Leave out the pictures and output the data verbatim.

"""

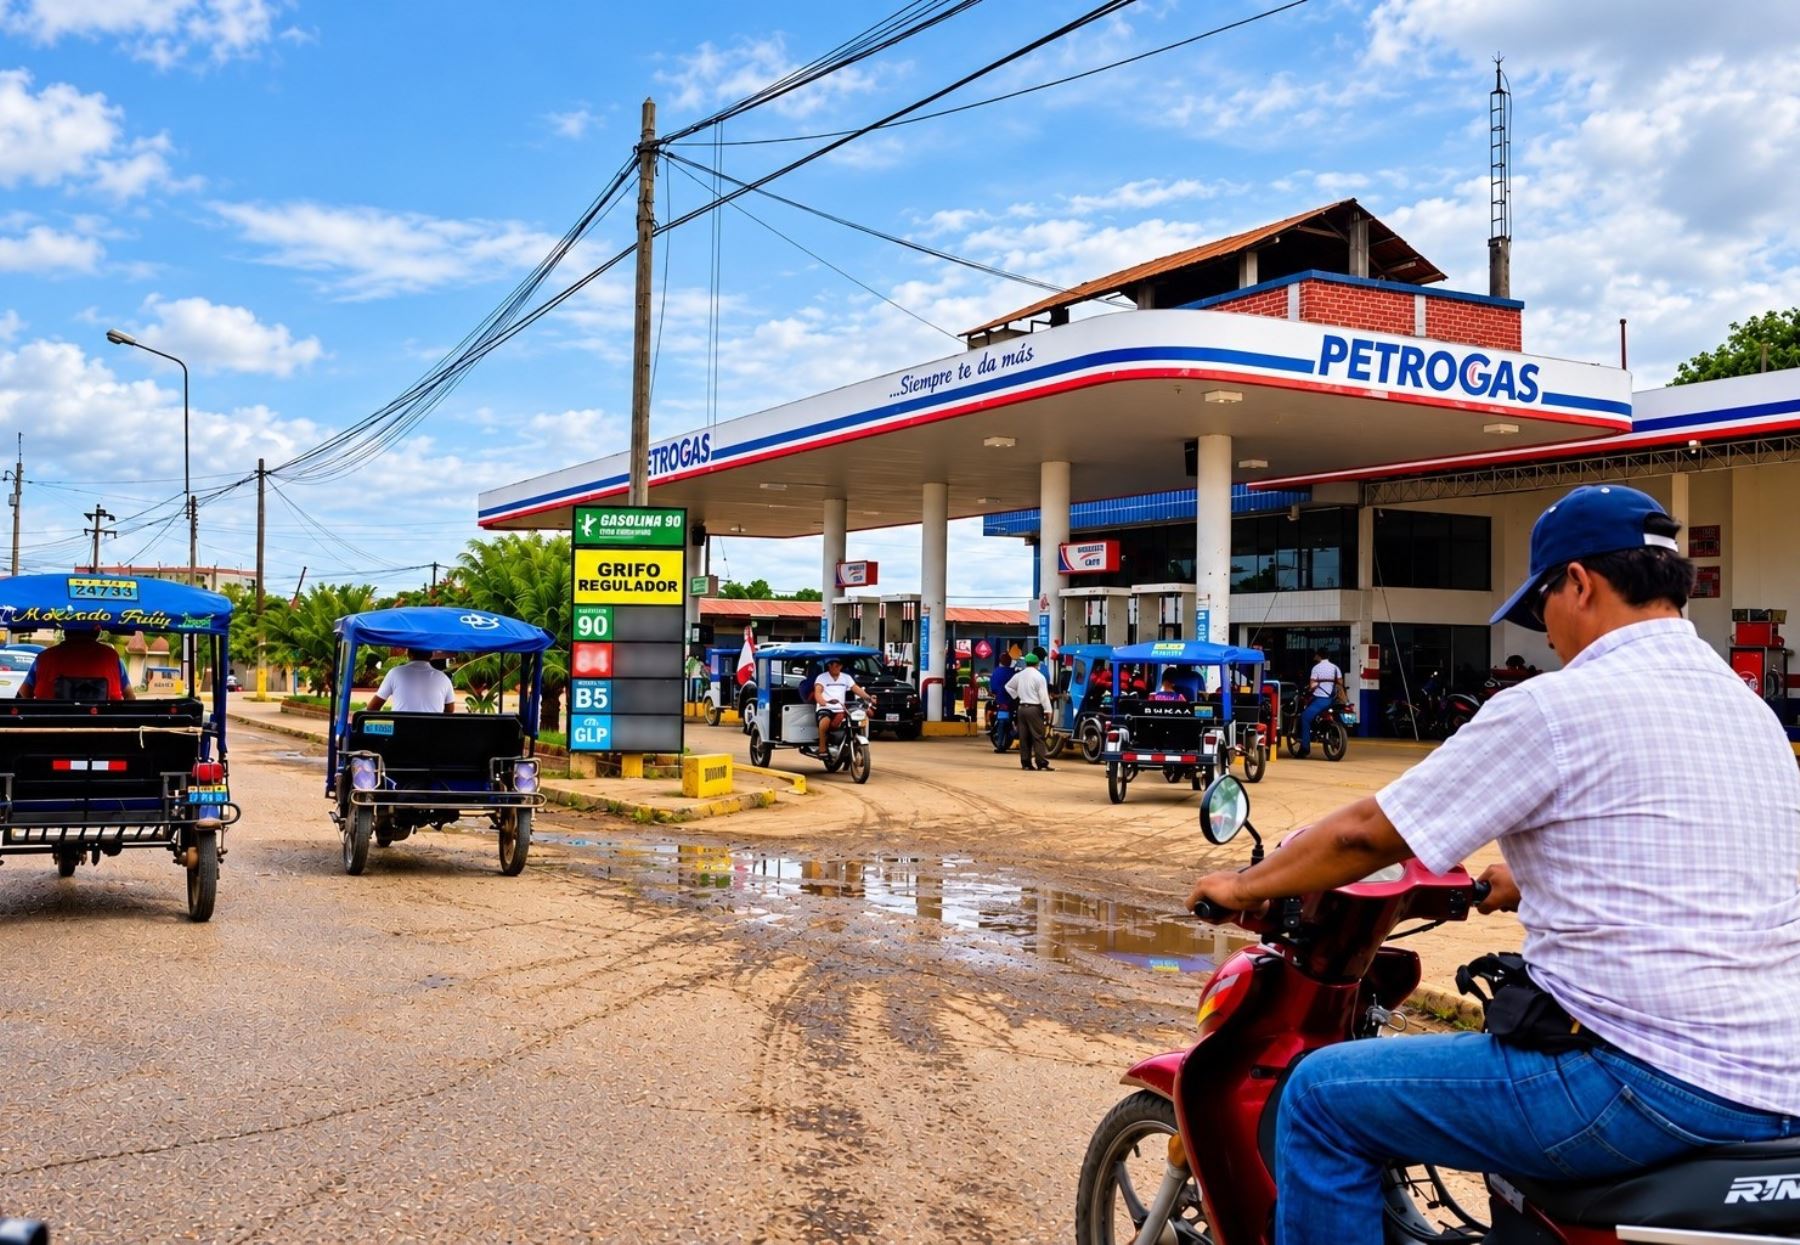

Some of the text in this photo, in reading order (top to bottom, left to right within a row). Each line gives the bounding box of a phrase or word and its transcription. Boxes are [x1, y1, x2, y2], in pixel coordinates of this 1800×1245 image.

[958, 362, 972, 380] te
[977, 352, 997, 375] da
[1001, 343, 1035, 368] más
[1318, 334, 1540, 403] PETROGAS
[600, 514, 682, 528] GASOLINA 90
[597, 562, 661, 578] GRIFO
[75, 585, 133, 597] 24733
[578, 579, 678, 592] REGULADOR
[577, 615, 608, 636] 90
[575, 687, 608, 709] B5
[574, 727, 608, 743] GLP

"""

## Exercise answer
Some of the text in this photo, in reading order (top to bottom, left to right within a row). Each line gives the bounding box of a phrase or word and its transcription. Boxes are [x1, y1, x2, y2], in pixel coordinates of this 1800×1245 image.

[958, 362, 972, 380] te
[977, 352, 997, 375] da
[1001, 343, 1035, 368] más
[1318, 334, 1540, 403] PETROGAS
[600, 514, 682, 528] GASOLINA 90
[597, 562, 661, 578] GRIFO
[75, 585, 133, 597] 24733
[578, 579, 678, 592] REGULADOR
[577, 615, 608, 636] 90
[575, 687, 608, 709] B5
[574, 727, 608, 743] GLP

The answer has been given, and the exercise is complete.